Quick, what's 30 times 1/8? Now try answering that same question in a swimsuit.
 
It's tougher for women, but not for men, Colorado College psychology professor Tomi-Ann Roberts discovered when she and colleagues asked 350 college students to do just that.
 
"Women are so preoccupied with how their bodies look that they use up their mental resources that they could spend on other things," Roberts said.
 
When they were wearing swimsuits, women described their emotions as "disgusted," "ashamed" or "disgraced."
 
By contrast, men confessed to simply feeling silly or foolish in the swimsuits. Men fared just as well on the math problems as they did when they wore street clothes.
 
Women wearing swimsuits scored "significantly" poorer on an advanced math test than women in street clothes.
 
Roberts got involved in the swimsuit experiment because she believes American society glorifies an unrealistically thin and shapely female body -- in ads, movies and everyday life.
 
Consequently, girls at puberty start viewing their bodies as outsiders would -- gauging their bodies by how they look, not how well they work.
 
Roberts wanted to measure the consequences for girls and women who spend time trying to measure up to an impossible ideal.
 
She and colleague Barbara Frederickson recruited 350 psychology students from the University of Michigan and Duke University to take part in an "emotions and consumer behavior study."
 
In a dressing room, the volunteers donned either a sweater or a swimsuit.
 
Some were asked to answer questions aimed at measuring body shame.

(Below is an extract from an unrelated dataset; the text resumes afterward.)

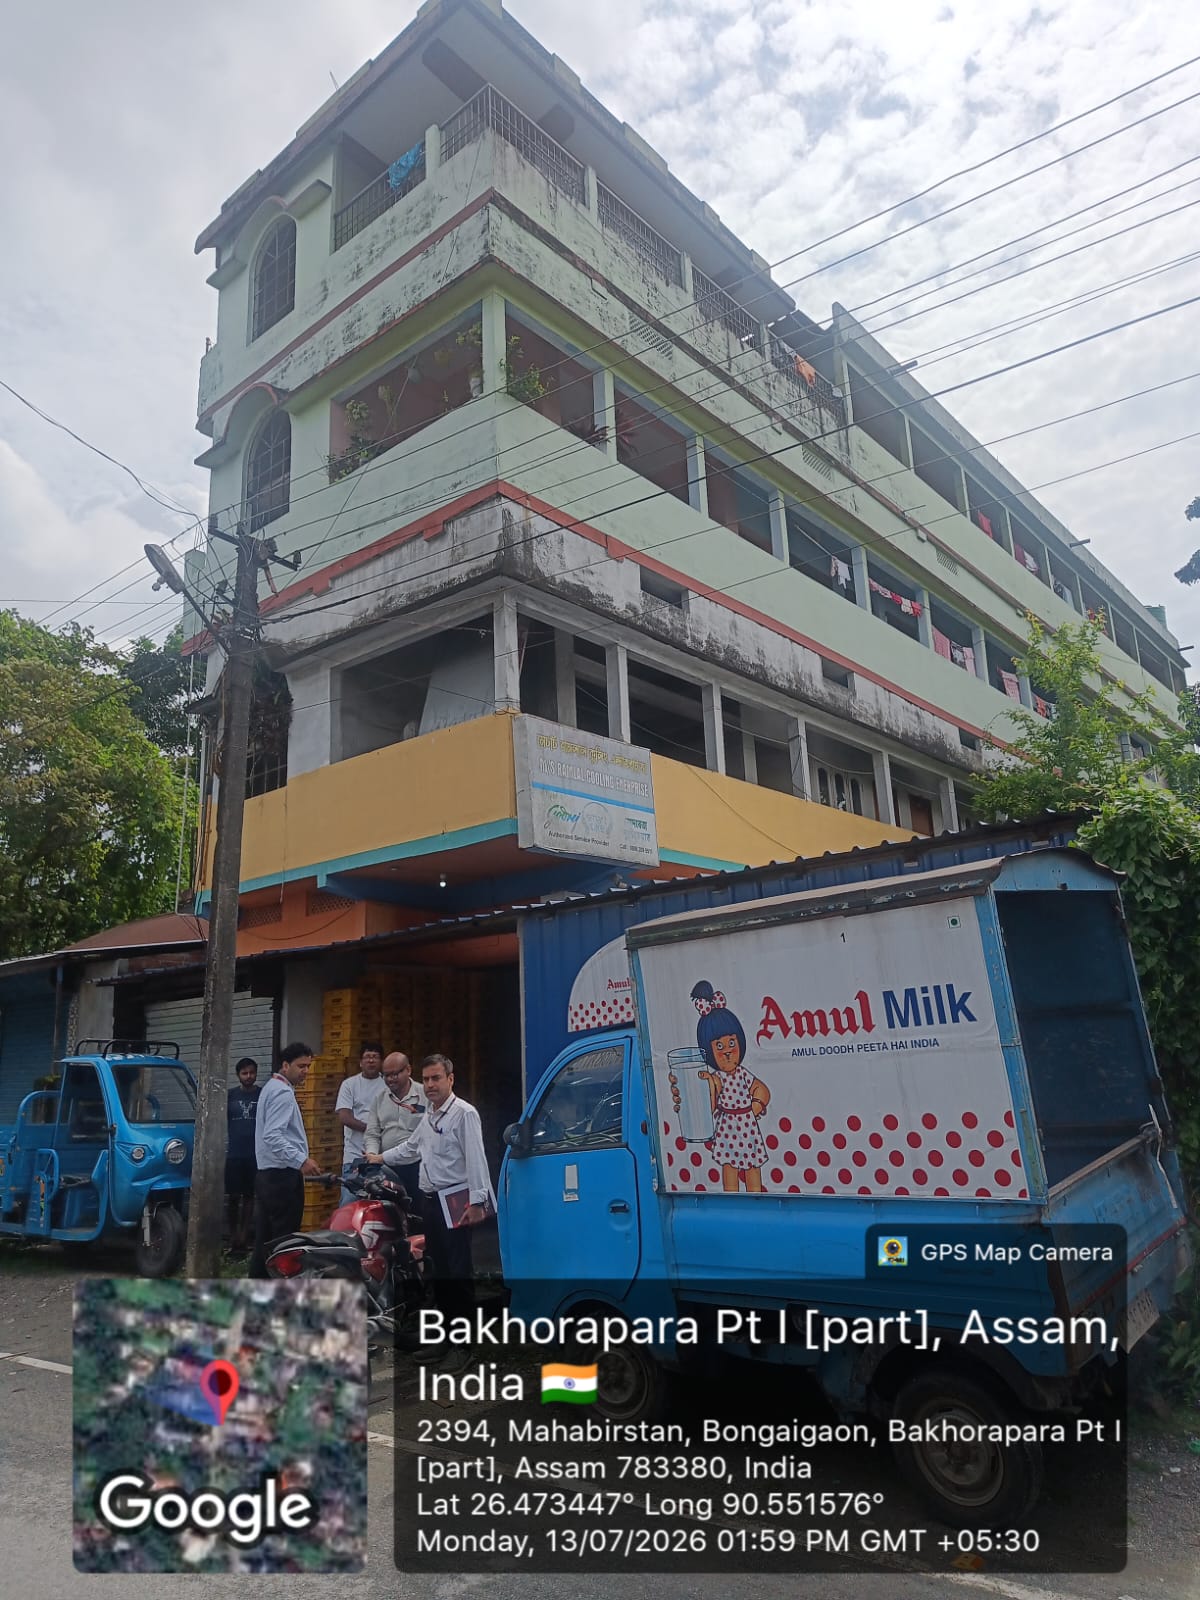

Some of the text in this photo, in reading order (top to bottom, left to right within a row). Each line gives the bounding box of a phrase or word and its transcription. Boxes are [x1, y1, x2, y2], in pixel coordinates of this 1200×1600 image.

[586, 769, 614, 789] COOLING
[607, 977, 631, 991] Amul
[756, 984, 977, 1047] Amul Milk
[791, 1037, 940, 1058] AMUL DOODH PEETA HAI INDIA

Others were given a math test, and all were offered a couple of cookies to eat.
 
The women who felt most ashamed of their bodies refused the cookies, she said. Whether they were lean or plump had nothing to do with their feelings of shame or their refusal of the cookies, she said.
 
Before the swimsuit experiment, women were asked what matters to them about their body? How healthy it is? How strong? How pretty? Those who defined their body by how it looks felt most ashamed or disgraced when they donned the swimsuit, she said. "We had super-skinny women saying they felt ugly and disgusting."
 
Roberts said she hopes her study will help adolescent girls appreciate their bodies for what they can do -- not for how sexy they look.
 
She celebrates small victories. "Participating in sports, wearing comfortable shoes, not buying a Miracle Bra," she listed. "Little acts of rebellion everyday, so their bodies belong less to the public and more to themselves."
 
Roberts knows that many women enjoy wearing short skirts because they look good in them, and many others don't begrudge themselves the hours they devote to looking as good as they can.
 
"Sure," she said. "But we want them to know there's a cost to that. You don't have as much mental energy to devote to things that could be really satisfying to you.
 
"When you sit in a board room and look like Ally McBeal, with your skirt up to your crotch ... how good of a lawyer can you be if you're worrying whether too much leg is showing?"
 
The study, "That Swimsuit Becomes You: Sex Differences in Self-Objectification, Restrained Eating and Math Performance," cost very little money, said Roberts. Participants were from introductory psychology classes.
 
Given their choice of participating in the experiments or writing term papers, most chose the experiments, she said. The main costs of the experiment -- buying swimsuits and cookies -- were footed by department budgets.
 
Colorado College is a liberal arts school of 1,900 students and was considered too small to recruit students for a large-scale study, she said.
 
The study appears in Journal of Personality and Social Psychology.